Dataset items
● ● ●

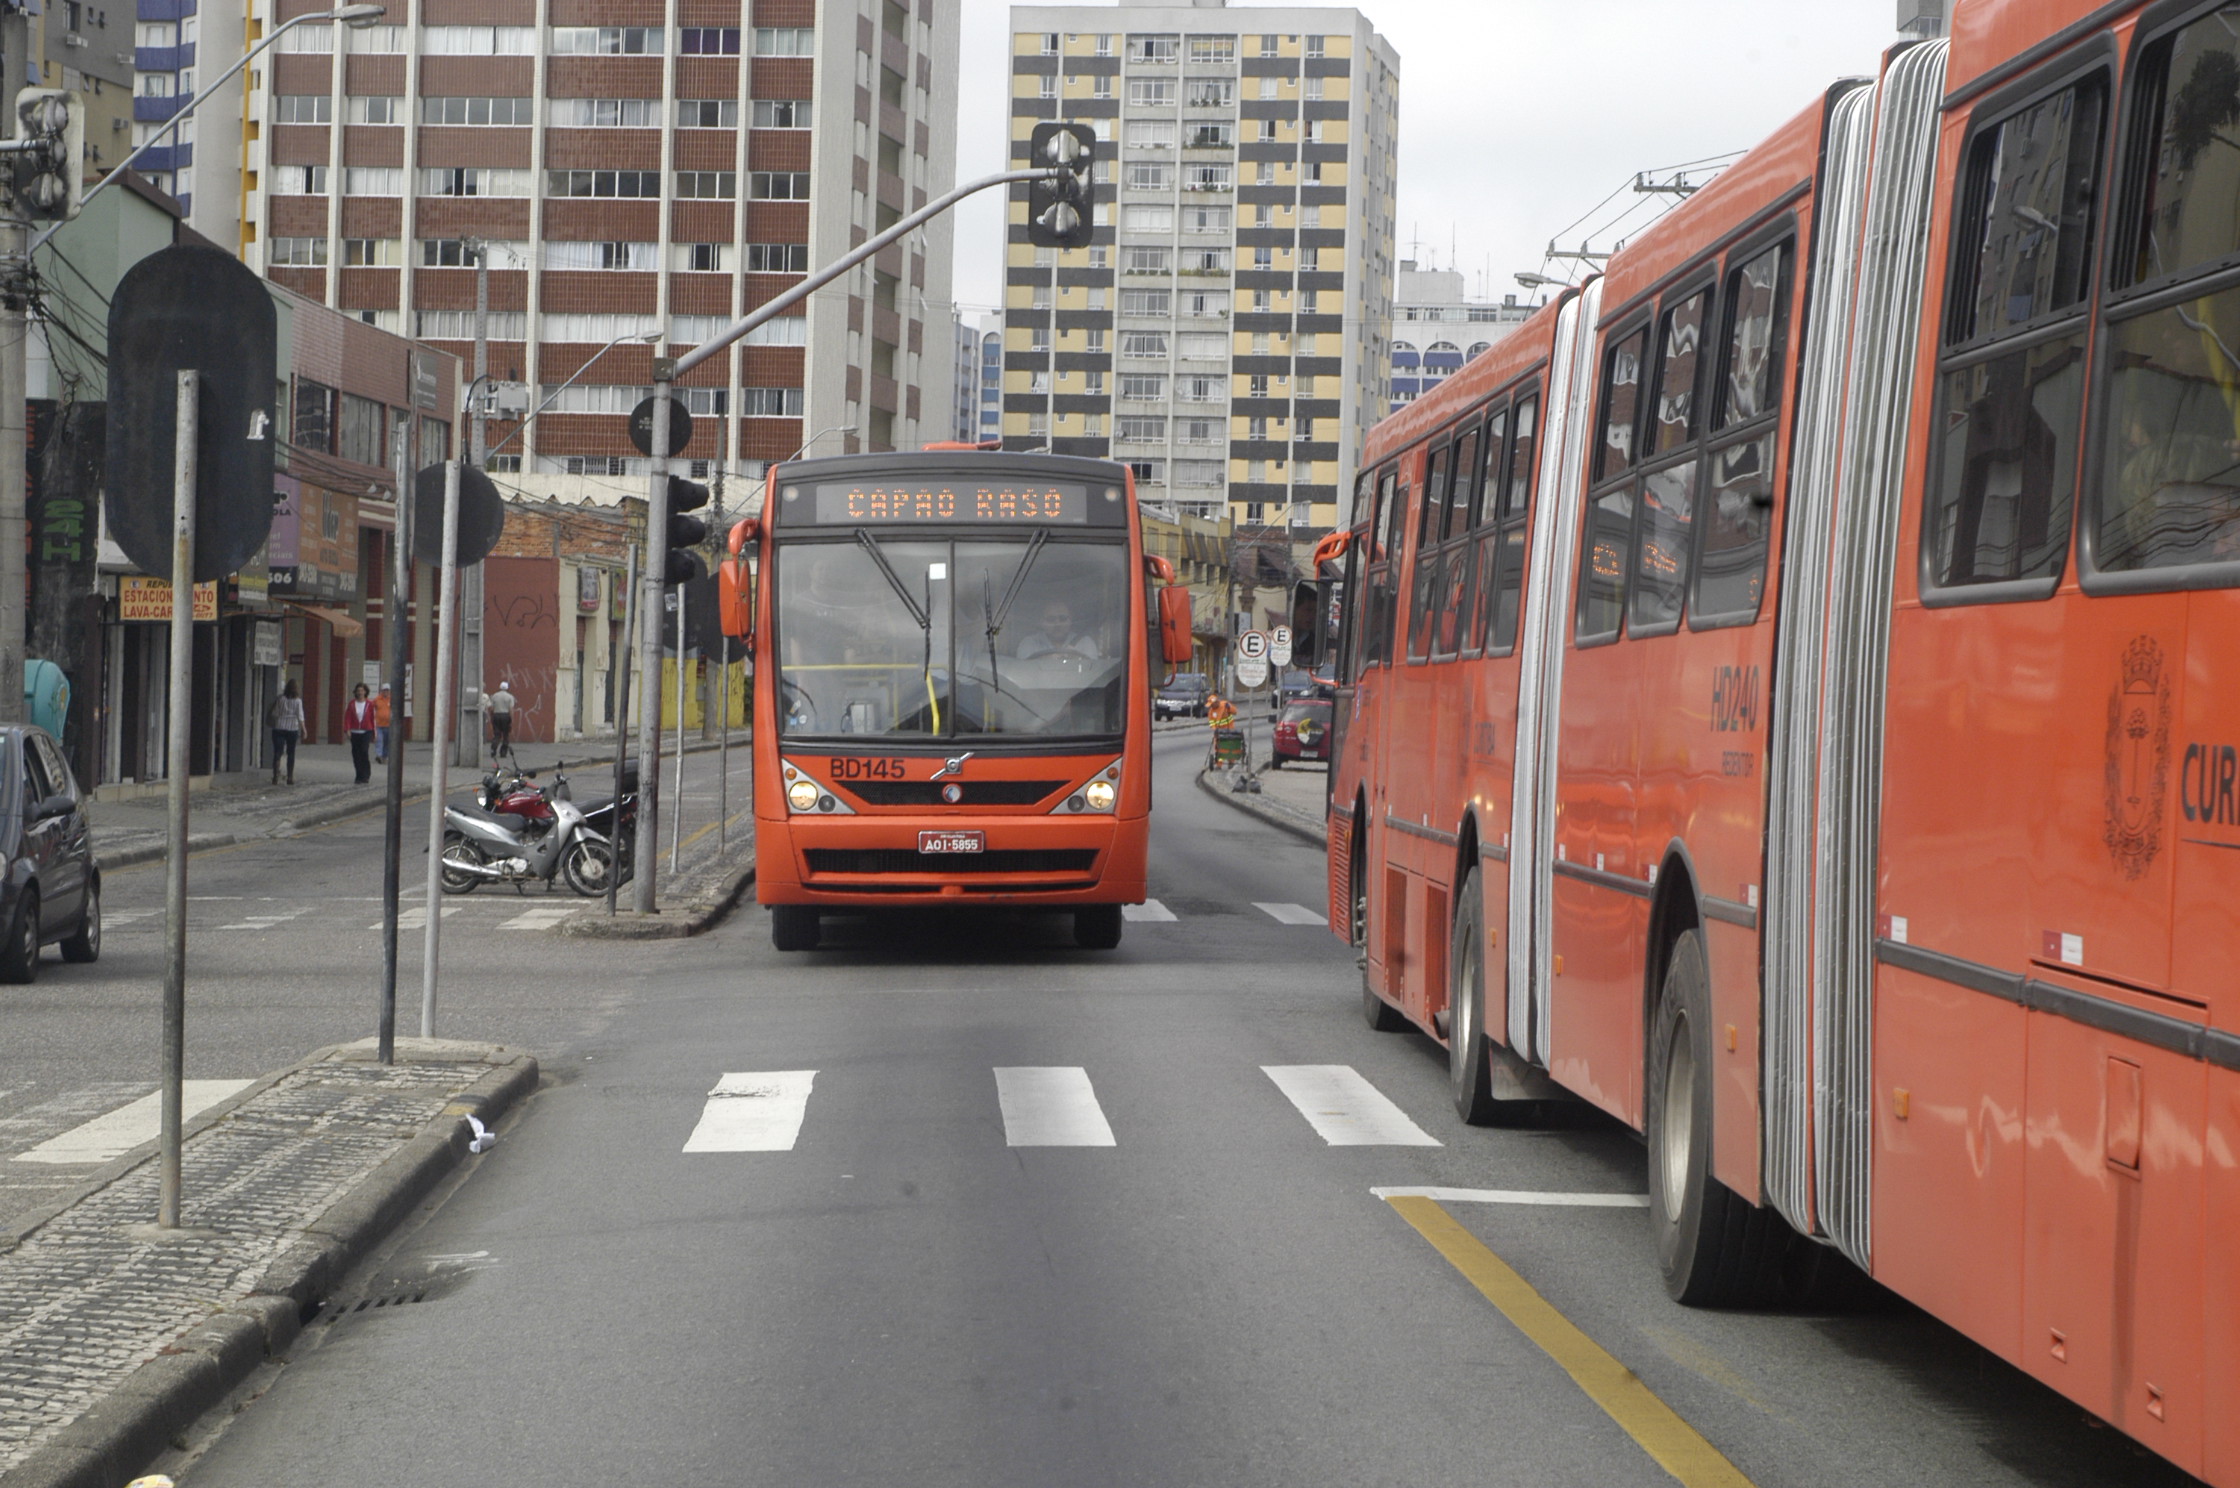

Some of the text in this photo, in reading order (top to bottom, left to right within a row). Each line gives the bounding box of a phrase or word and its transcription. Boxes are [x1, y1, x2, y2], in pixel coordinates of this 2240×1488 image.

[976, 488, 1062, 518] RASO
[43, 500, 84, 561] 24H
[1247, 636, 1260, 652] E
[1278, 630, 1287, 642] E
[1710, 665, 1759, 732] HD240
[830, 758, 905, 778] BD145
[2180, 742, 2240, 826] CUR
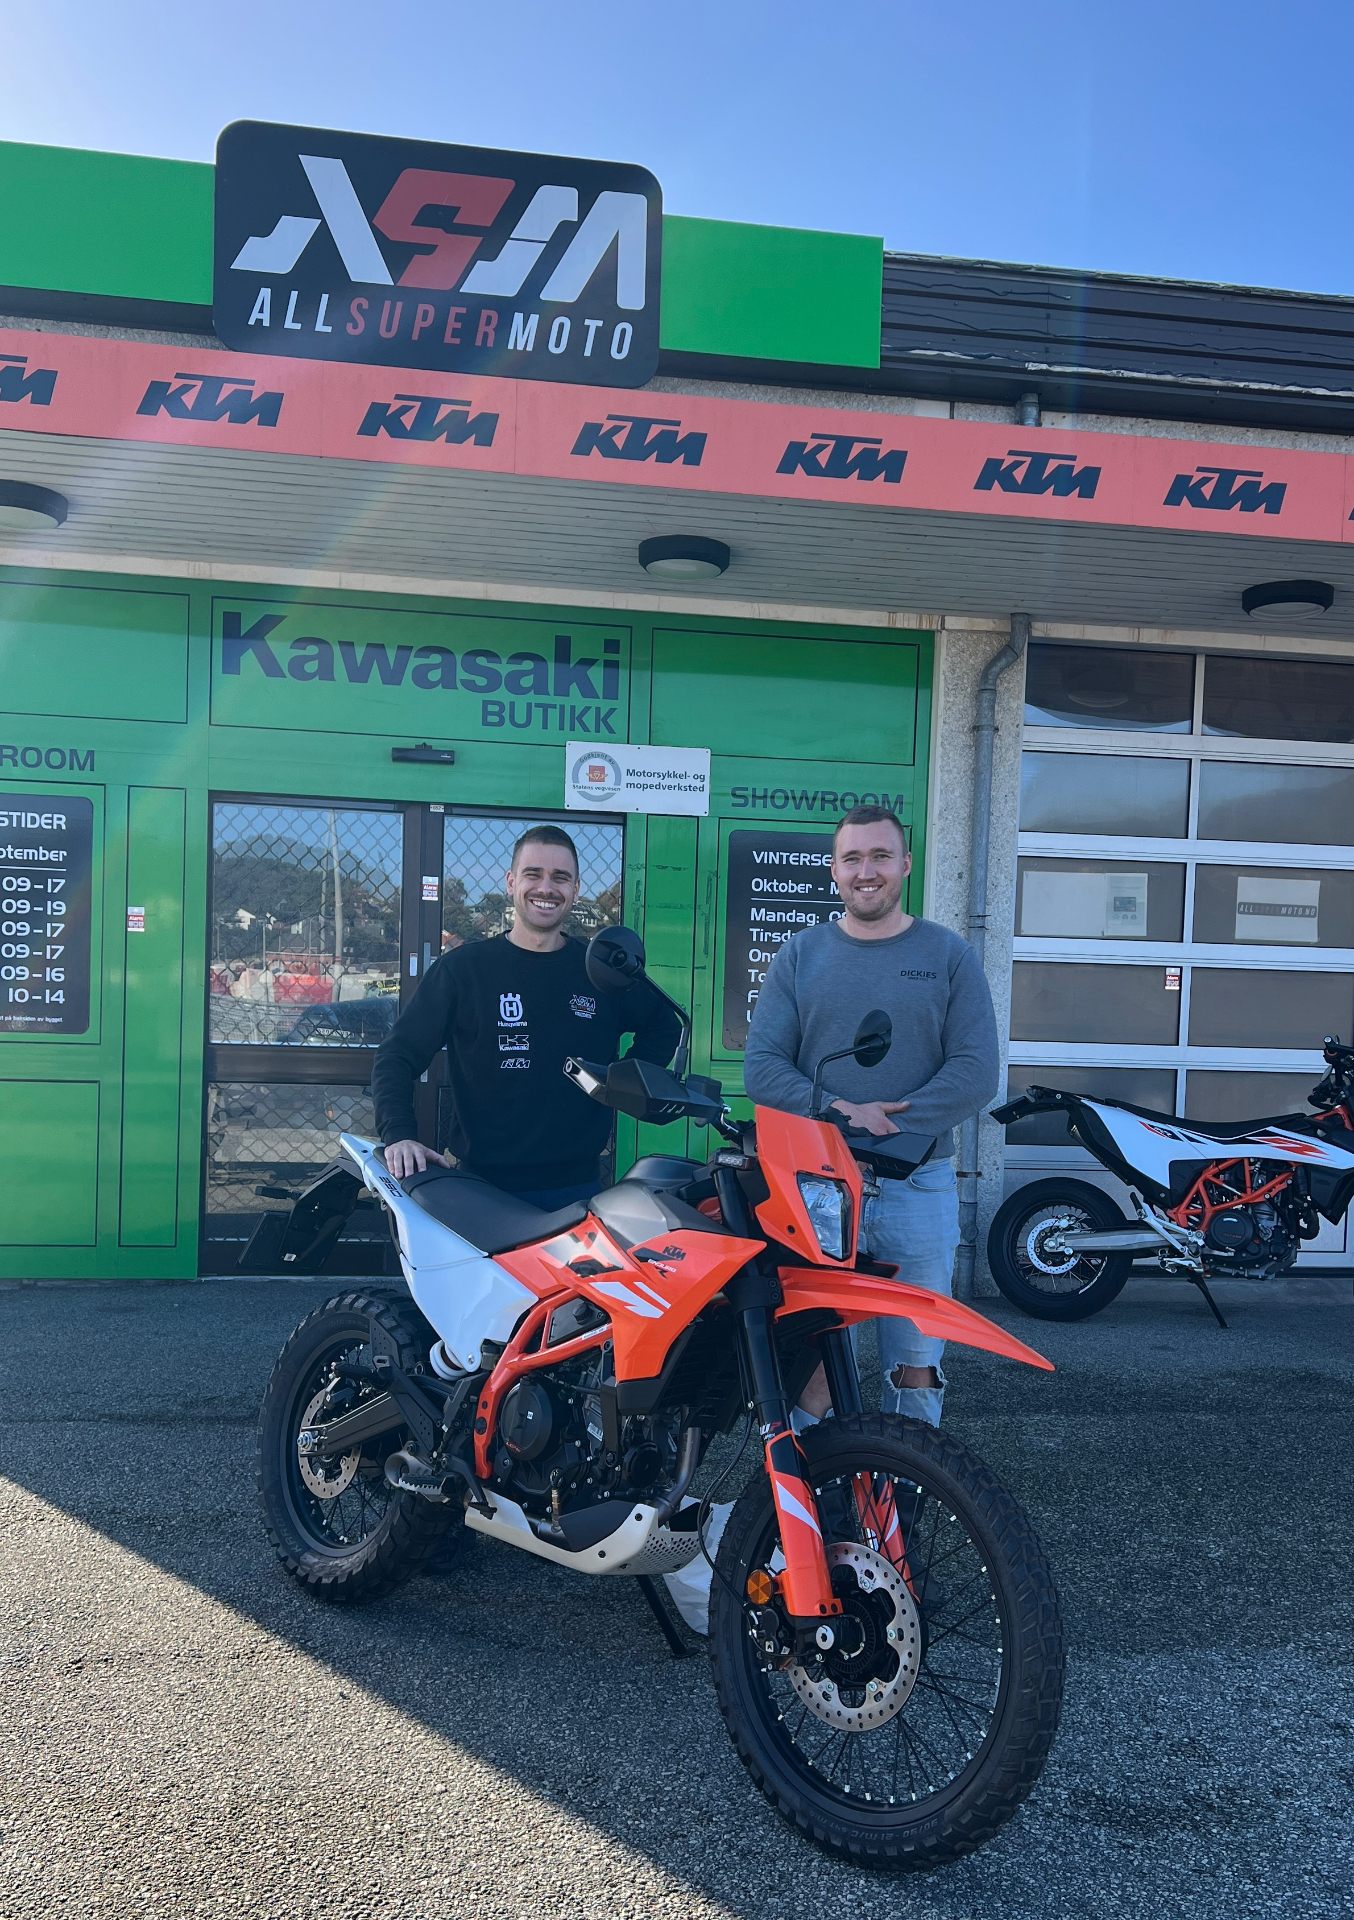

● ● ●

Exercise instructions
Repeat each entry above exactly, passing over any images.

Exercise solution
Some of the text in this photo, in reading order (top to bottom, left to right within a row). Each line gives the bounding box of a phrase or word and its transcription. Boxes are [x1, y1, x2, y2], in pixel coordinates of this 2240×1488 image.

[976, 488, 1062, 518] RASO
[43, 500, 84, 561] 24H
[1247, 636, 1260, 652] E
[1278, 630, 1287, 642] E
[1710, 665, 1759, 732] HD240
[830, 758, 905, 778] BD145
[2180, 742, 2240, 826] CUR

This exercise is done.